Would you repeat every line below exactly, please?

PROVIDED MATERIAL below:

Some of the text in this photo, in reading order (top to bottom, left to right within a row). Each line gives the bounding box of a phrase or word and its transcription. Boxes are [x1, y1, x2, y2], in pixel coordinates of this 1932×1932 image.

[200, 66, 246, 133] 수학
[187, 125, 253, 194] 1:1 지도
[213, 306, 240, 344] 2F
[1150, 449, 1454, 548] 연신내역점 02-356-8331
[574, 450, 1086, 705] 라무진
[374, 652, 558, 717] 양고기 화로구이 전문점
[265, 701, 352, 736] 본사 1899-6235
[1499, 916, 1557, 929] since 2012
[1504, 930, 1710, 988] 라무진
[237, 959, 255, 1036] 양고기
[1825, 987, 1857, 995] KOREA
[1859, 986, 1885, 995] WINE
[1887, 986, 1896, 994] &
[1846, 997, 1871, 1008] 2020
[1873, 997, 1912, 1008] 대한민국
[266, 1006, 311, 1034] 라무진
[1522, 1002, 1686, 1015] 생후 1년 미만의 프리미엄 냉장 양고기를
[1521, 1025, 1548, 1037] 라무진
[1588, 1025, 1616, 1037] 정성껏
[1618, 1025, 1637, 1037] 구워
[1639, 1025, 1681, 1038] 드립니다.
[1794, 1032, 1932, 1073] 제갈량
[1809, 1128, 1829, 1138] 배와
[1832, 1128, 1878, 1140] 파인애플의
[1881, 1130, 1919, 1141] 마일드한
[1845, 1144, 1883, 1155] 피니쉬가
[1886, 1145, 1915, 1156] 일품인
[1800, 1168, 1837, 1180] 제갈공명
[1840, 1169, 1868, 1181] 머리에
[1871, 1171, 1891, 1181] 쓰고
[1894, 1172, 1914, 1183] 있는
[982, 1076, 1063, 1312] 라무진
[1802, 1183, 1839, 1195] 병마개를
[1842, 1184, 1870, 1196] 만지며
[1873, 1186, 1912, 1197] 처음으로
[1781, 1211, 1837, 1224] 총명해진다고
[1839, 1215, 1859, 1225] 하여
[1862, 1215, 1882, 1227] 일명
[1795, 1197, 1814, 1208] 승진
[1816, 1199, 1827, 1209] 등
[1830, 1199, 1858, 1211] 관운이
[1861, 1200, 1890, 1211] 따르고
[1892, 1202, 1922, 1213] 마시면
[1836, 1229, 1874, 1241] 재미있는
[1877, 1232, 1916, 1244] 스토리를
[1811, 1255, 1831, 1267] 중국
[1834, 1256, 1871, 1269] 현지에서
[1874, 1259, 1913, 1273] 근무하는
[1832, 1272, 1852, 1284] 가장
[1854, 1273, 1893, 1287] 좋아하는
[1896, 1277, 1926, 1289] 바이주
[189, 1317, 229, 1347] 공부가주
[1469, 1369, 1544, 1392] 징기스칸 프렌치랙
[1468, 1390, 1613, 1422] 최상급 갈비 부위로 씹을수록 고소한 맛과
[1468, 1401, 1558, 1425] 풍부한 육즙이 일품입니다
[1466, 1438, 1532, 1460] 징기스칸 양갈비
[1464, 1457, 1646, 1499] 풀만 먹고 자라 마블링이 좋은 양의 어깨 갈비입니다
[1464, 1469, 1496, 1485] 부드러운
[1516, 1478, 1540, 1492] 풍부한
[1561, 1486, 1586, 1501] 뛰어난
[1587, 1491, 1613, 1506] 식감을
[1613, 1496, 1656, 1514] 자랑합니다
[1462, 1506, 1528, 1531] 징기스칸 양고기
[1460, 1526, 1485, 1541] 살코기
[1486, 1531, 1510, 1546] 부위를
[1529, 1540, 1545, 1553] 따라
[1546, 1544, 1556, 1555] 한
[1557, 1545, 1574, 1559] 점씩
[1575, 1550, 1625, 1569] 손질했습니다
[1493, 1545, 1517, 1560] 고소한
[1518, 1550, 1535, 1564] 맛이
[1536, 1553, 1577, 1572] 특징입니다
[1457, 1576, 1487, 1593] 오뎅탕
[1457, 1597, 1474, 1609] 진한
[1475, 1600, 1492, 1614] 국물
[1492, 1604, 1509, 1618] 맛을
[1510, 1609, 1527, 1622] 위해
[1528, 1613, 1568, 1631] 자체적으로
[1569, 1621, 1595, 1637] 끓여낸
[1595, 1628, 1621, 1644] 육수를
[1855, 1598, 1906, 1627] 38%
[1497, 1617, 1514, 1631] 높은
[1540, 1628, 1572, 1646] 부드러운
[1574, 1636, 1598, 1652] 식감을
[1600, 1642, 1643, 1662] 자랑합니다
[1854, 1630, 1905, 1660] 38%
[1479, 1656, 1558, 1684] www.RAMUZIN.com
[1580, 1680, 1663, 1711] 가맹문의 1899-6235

End of PROVIDED MATERIAL.

* ANSWER FOR THE TASK
Some of the text in this photo, in reading order (top to bottom, left to right within a row). Each line gives the bounding box of a phrase or word and its transcription. Boxes are [x1, y1, x2, y2], in pixel coordinates of this 1932×1932 image.

[200, 66, 246, 133] 수학
[187, 125, 253, 194] 1:1 지도
[213, 306, 240, 344] 2F
[1150, 449, 1454, 548] 연신내역점 02-356-8331
[574, 450, 1086, 705] 라무진
[374, 652, 558, 717] 양고기 화로구이 전문점
[265, 701, 352, 736] 본사 1899-6235
[1499, 916, 1557, 929] since 2012
[1504, 930, 1710, 988] 라무진
[237, 959, 255, 1036] 양고기
[1825, 987, 1857, 995] KOREA
[1859, 986, 1885, 995] WINE
[1887, 986, 1896, 994] &
[1846, 997, 1871, 1008] 2020
[1873, 997, 1912, 1008] 대한민국
[266, 1006, 311, 1034] 라무진
[1522, 1002, 1686, 1015] 생후 1년 미만의 프리미엄 냉장 양고기를
[1521, 1025, 1548, 1037] 라무진
[1588, 1025, 1616, 1037] 정성껏
[1618, 1025, 1637, 1037] 구워
[1639, 1025, 1681, 1038] 드립니다.
[1794, 1032, 1932, 1073] 제갈량
[1809, 1128, 1829, 1138] 배와
[1832, 1128, 1878, 1140] 파인애플의
[1881, 1130, 1919, 1141] 마일드한
[1845, 1144, 1883, 1155] 피니쉬가
[1886, 1145, 1915, 1156] 일품인
[1800, 1168, 1837, 1180] 제갈공명
[1840, 1169, 1868, 1181] 머리에
[1871, 1171, 1891, 1181] 쓰고
[1894, 1172, 1914, 1183] 있는
[982, 1076, 1063, 1312] 라무진
[1802, 1183, 1839, 1195] 병마개를
[1842, 1184, 1870, 1196] 만지며
[1873, 1186, 1912, 1197] 처음으로
[1781, 1211, 1837, 1224] 총명해진다고
[1839, 1215, 1859, 1225] 하여
[1862, 1215, 1882, 1227] 일명
[1795, 1197, 1814, 1208] 승진
[1816, 1199, 1827, 1209] 등
[1830, 1199, 1858, 1211] 관운이
[1861, 1200, 1890, 1211] 따르고
[1892, 1202, 1922, 1213] 마시면
[1836, 1229, 1874, 1241] 재미있는
[1877, 1232, 1916, 1244] 스토리를
[1811, 1255, 1831, 1267] 중국
[1834, 1256, 1871, 1269] 현지에서
[1874, 1259, 1913, 1273] 근무하는
[1832, 1272, 1852, 1284] 가장
[1854, 1273, 1893, 1287] 좋아하는
[1896, 1277, 1926, 1289] 바이주
[189, 1317, 229, 1347] 공부가주
[1469, 1369, 1544, 1392] 징기스칸 프렌치랙
[1468, 1390, 1613, 1422] 최상급 갈비 부위로 씹을수록 고소한 맛과
[1468, 1401, 1558, 1425] 풍부한 육즙이 일품입니다
[1466, 1438, 1532, 1460] 징기스칸 양갈비
[1464, 1457, 1646, 1499] 풀만 먹고 자라 마블링이 좋은 양의 어깨 갈비입니다
[1464, 1469, 1496, 1485] 부드러운
[1516, 1478, 1540, 1492] 풍부한
[1561, 1486, 1586, 1501] 뛰어난
[1587, 1491, 1613, 1506] 식감을
[1613, 1496, 1656, 1514] 자랑합니다
[1462, 1506, 1528, 1531] 징기스칸 양고기
[1460, 1526, 1485, 1541] 살코기
[1486, 1531, 1510, 1546] 부위를
[1529, 1540, 1545, 1553] 따라
[1546, 1544, 1556, 1555] 한
[1557, 1545, 1574, 1559] 점씩
[1575, 1550, 1625, 1569] 손질했습니다
[1493, 1545, 1517, 1560] 고소한
[1518, 1550, 1535, 1564] 맛이
[1536, 1553, 1577, 1572] 특징입니다
[1457, 1576, 1487, 1593] 오뎅탕
[1457, 1597, 1474, 1609] 진한
[1475, 1600, 1492, 1614] 국물
[1492, 1604, 1509, 1618] 맛을
[1510, 1609, 1527, 1622] 위해
[1528, 1613, 1568, 1631] 자체적으로
[1569, 1621, 1595, 1637] 끓여낸
[1595, 1628, 1621, 1644] 육수를
[1855, 1598, 1906, 1627] 38%
[1497, 1617, 1514, 1631] 높은
[1540, 1628, 1572, 1646] 부드러운
[1574, 1636, 1598, 1652] 식감을
[1600, 1642, 1643, 1662] 자랑합니다
[1854, 1630, 1905, 1660] 38%
[1479, 1656, 1558, 1684] www.RAMUZIN.com
[1580, 1680, 1663, 1711] 가맹문의 1899-6235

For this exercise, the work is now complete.